Multi Cluster Ingress traffic spillover

Problem

Your Google Kubernetes Engine Multi Cluster Ingress Load Balancer is unnecessarily spilling traffic over from X to Y region when backend pods scale down to 0. This causes higher latency for requests.

Environment

  • Multi cluster Ingress
  • External Global HTTPS load balancer (LB)
  • Google Kubernetes Engine

Solution

Use spread constraints to ensure at least 1 Pod in every zone of the region.

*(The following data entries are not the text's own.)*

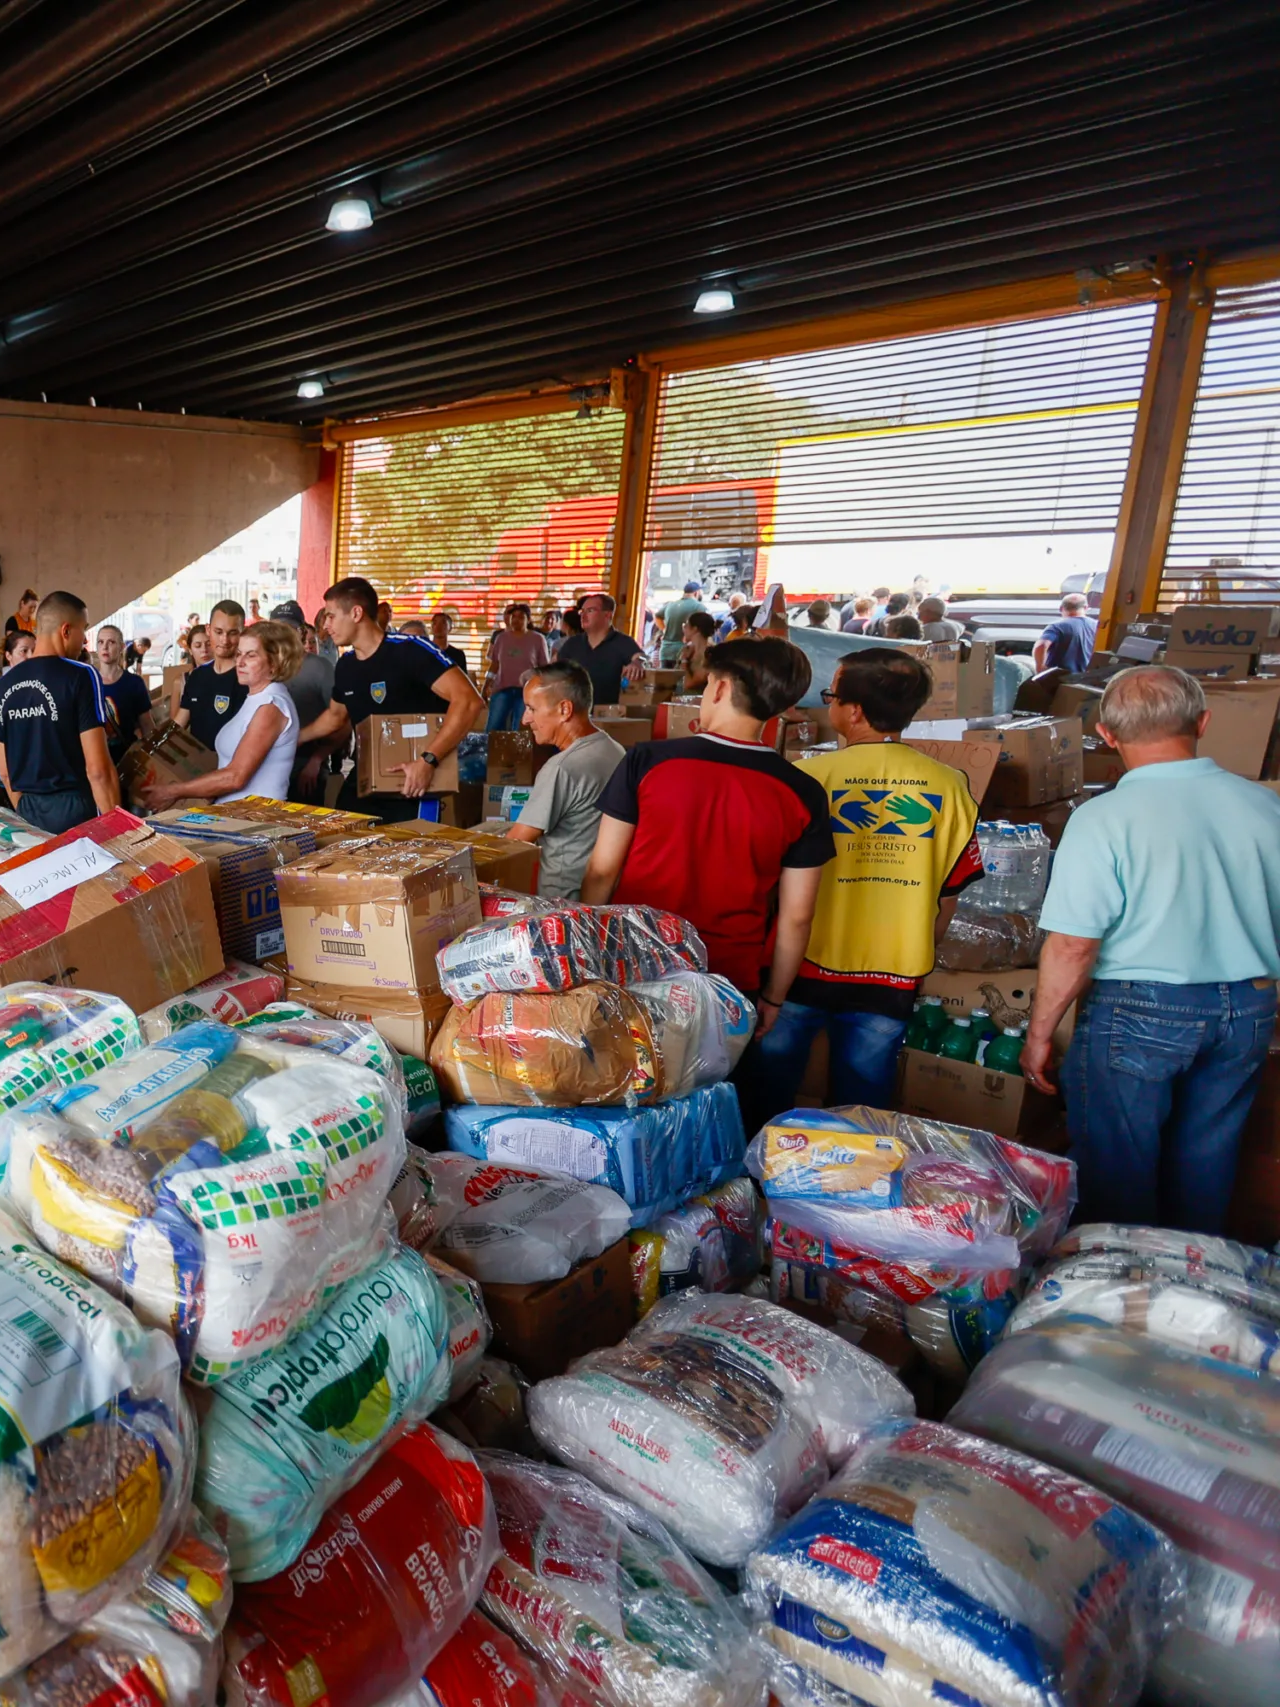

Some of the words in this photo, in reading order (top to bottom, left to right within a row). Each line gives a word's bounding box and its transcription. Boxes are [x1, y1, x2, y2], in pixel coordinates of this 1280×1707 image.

[1182, 624, 1257, 646] vida
[4, 687, 13, 700] DE
[8, 703, 47, 720] PARANÁ
[844, 777, 869, 785] MÃOS
[891, 778, 929, 787] AJUDAM
[846, 842, 872, 852] JESUS
[874, 842, 917, 853] CRISTO
[837, 876, 921, 887] www.mormon.org.br
[779, 1134, 806, 1149] Ninfa
[811, 1146, 856, 1168] Leite
[227, 1232, 258, 1250] 1kg
[608, 1416, 635, 1442] ALTO
[634, 1430, 672, 1464] ALEGRE
[381, 1476, 404, 1503] ARROZ
[357, 1495, 387, 1524] BRANCO
[288, 1513, 360, 1598] SaborSul
[404, 1552, 446, 1633] BRANCO

In Q1 2022, Multi Cluster Ingress will support maxRatePerEndpoint which can also be used to prevent the traffic spillover. This value is configured on the backendService.

Cause

The Ingress load balancer backend services are configured with Max-Rate balance mode. The HTTPS LB reroutes traffic across regions on the following 5 scenarios: 

  1. When a region’s entire backends reach capacity, traffic reroutes to other regions.
  2. When more than half of the backends in a region are unhealthy, traffic reroutes to other regions.
  3. When all regions' backends are at or above capacity, traffic balances to all regions.
  4. When temporary overflow happens in a slow autoscaling operation, traffic reroutes to other regions.
  5. When high latency happens in some regions, traffic may flow to other regions.

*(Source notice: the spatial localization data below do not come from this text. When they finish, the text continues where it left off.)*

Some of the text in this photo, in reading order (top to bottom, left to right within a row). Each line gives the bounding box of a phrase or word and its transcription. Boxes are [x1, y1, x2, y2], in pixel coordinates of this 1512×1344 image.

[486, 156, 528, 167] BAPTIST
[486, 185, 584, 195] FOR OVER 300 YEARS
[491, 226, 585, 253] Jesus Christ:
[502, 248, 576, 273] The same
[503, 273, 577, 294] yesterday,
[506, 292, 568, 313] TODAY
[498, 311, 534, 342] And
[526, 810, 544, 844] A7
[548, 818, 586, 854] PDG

In an example scenario, if you have 3 backend endpoints each in EU and US region, when the EU region has less traffic, 2 of 3 EU backends scale down to 0. This triggers traffic reroute as scenario 2.

Traffic is rerouted to other backends and which includes the US region. Applying maxRateperEndpoint will avoid this issue because reroute will be based on rate capacity on each backend.